Miguel de Cervantes escribió en sus Novelas ejemplares: “Advierte hija mia, que estás en Salamanca. Que es llamada en todo el mundo madre de las ciencias. Y que de ordinario cursan en ella y habitan diez o doce mil estudiantes. Gente moza, antojadiza, arrojada, libre aficionada, gastadora, discreta, diabólica y de buen humor”.
Nuestros alumnos de 2º de Bachillerato han disfrutado de esta ciudad. Tras una semana de exámenes, el merecido descanso llegó en forma de viaje cultural a Segovia, Salamanca y Ávila.
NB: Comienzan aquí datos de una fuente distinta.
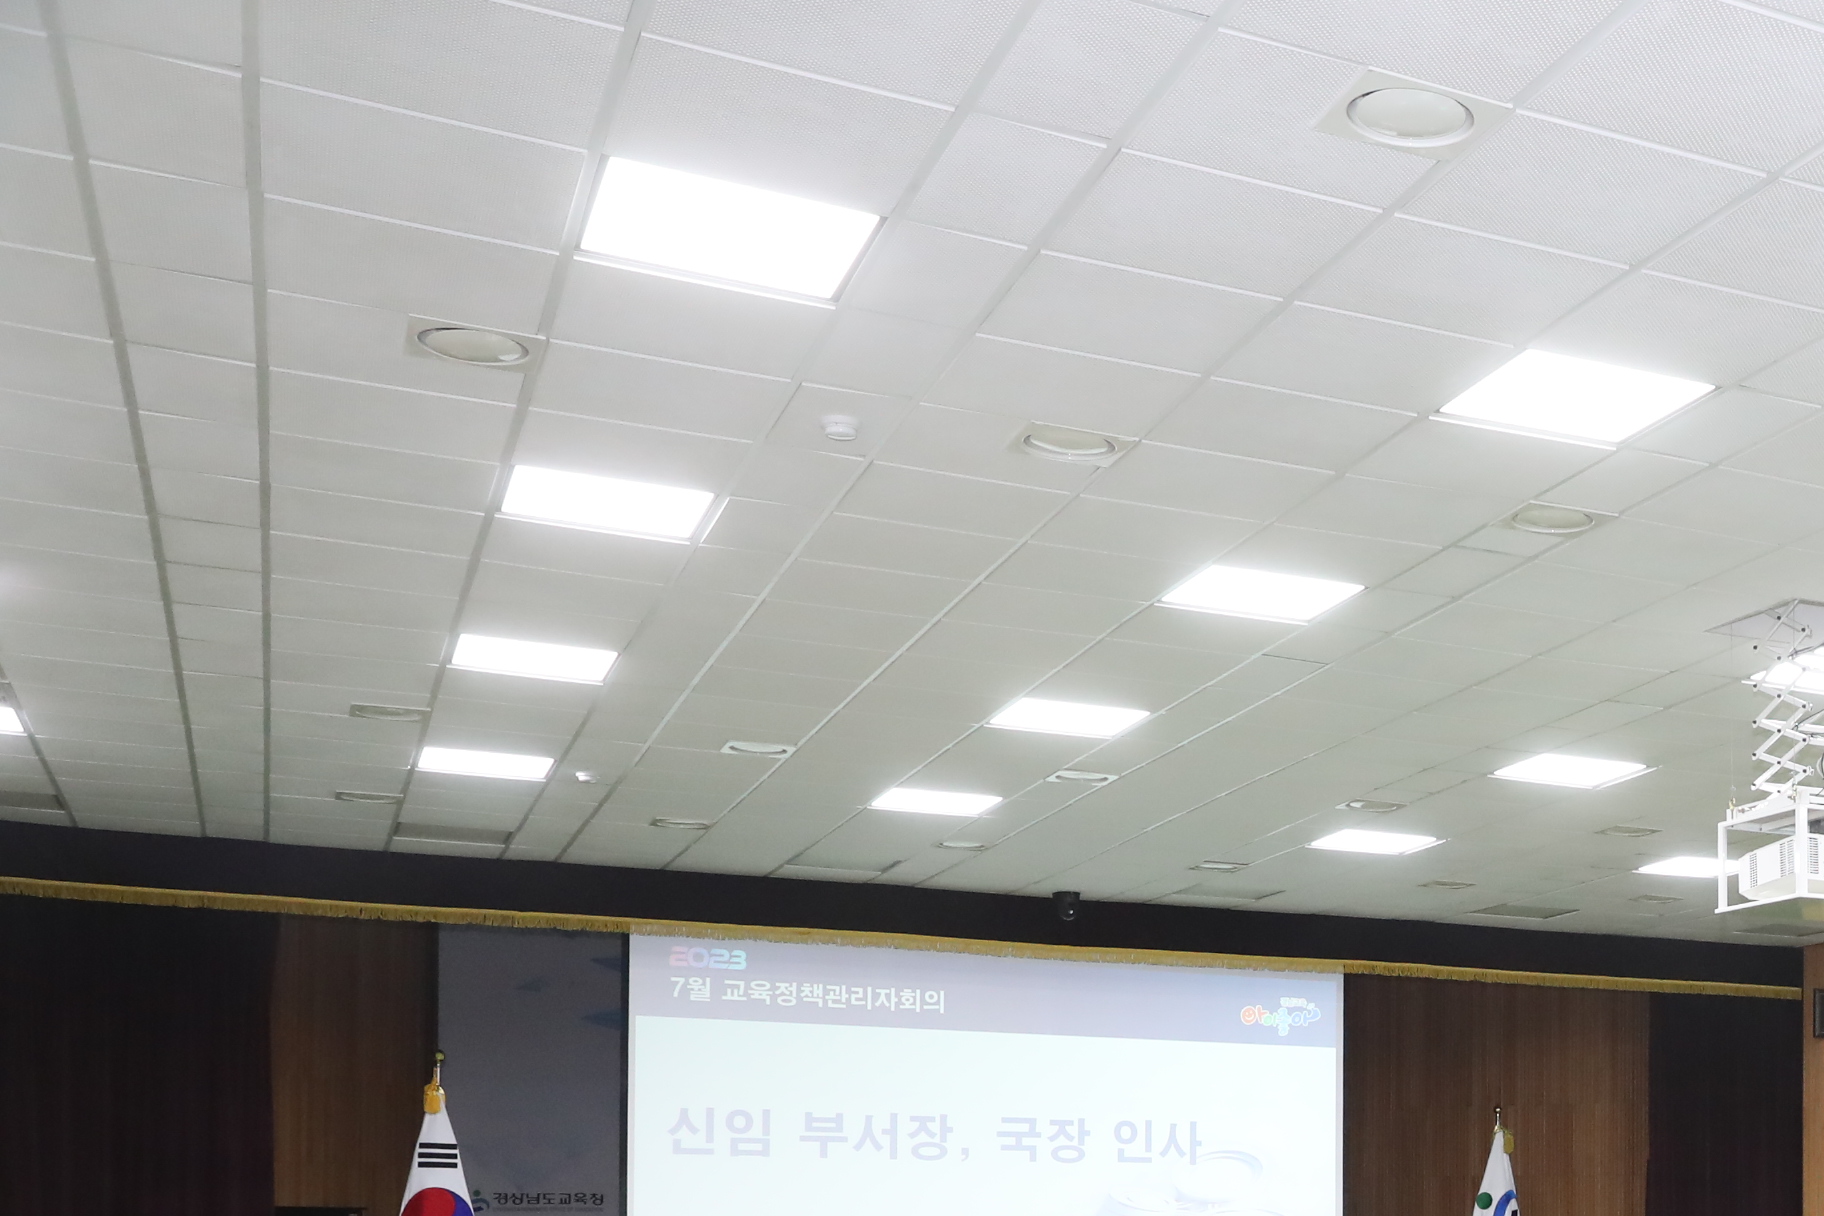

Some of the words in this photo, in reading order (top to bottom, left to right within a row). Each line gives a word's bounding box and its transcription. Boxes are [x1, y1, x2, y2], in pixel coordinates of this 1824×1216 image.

[669, 946, 747, 970] 2023
[670, 976, 711, 1002] 7월
[721, 978, 945, 1014] 교육정책관리자회의
[667, 1107, 771, 1158] 신임
[799, 1112, 969, 1162] 부서장,
[996, 1116, 1091, 1164] 국장
[1113, 1119, 1202, 1166] 인사
[492, 1192, 604, 1206] 경상남도교육청
Tras largas horas de autobús amenizadas con guitarras, juegos y charlas varias, llegamos a nuestro primer objetivo: el acueducto de Segovia, su casco histórico y el Alcázar. Unas horas más tarde, llegamos a Salamanca, centro neurálgico de nuestro viaje. Disfrutamos del arte salmantino visitando el conjunto catedralicio, las torres de la Clerecía, el convento de las Dueñas. Paseamos hasta el puente romano y entramos en la Universidad, donde pudimos ver las aulas de Unamuno o Fray Luis de León o la gran biblioteca. Paseamos hasta llegar al Huerto de Calixto y Melibea y bordeamos el río Tormes. Por supuesto, vivimos la noche salmantina con los miles de universitarios que allí estudian y tapeamos en la Plaza Mayor.
El viernes viajamos hasta Ávila, para observar desde cerca sus grandes murallas y sufrir el frío invierno de primera mano.
El sábado regresamos a Cambrils con un buen sabor de boca y muchos recuerdos en las mochilas.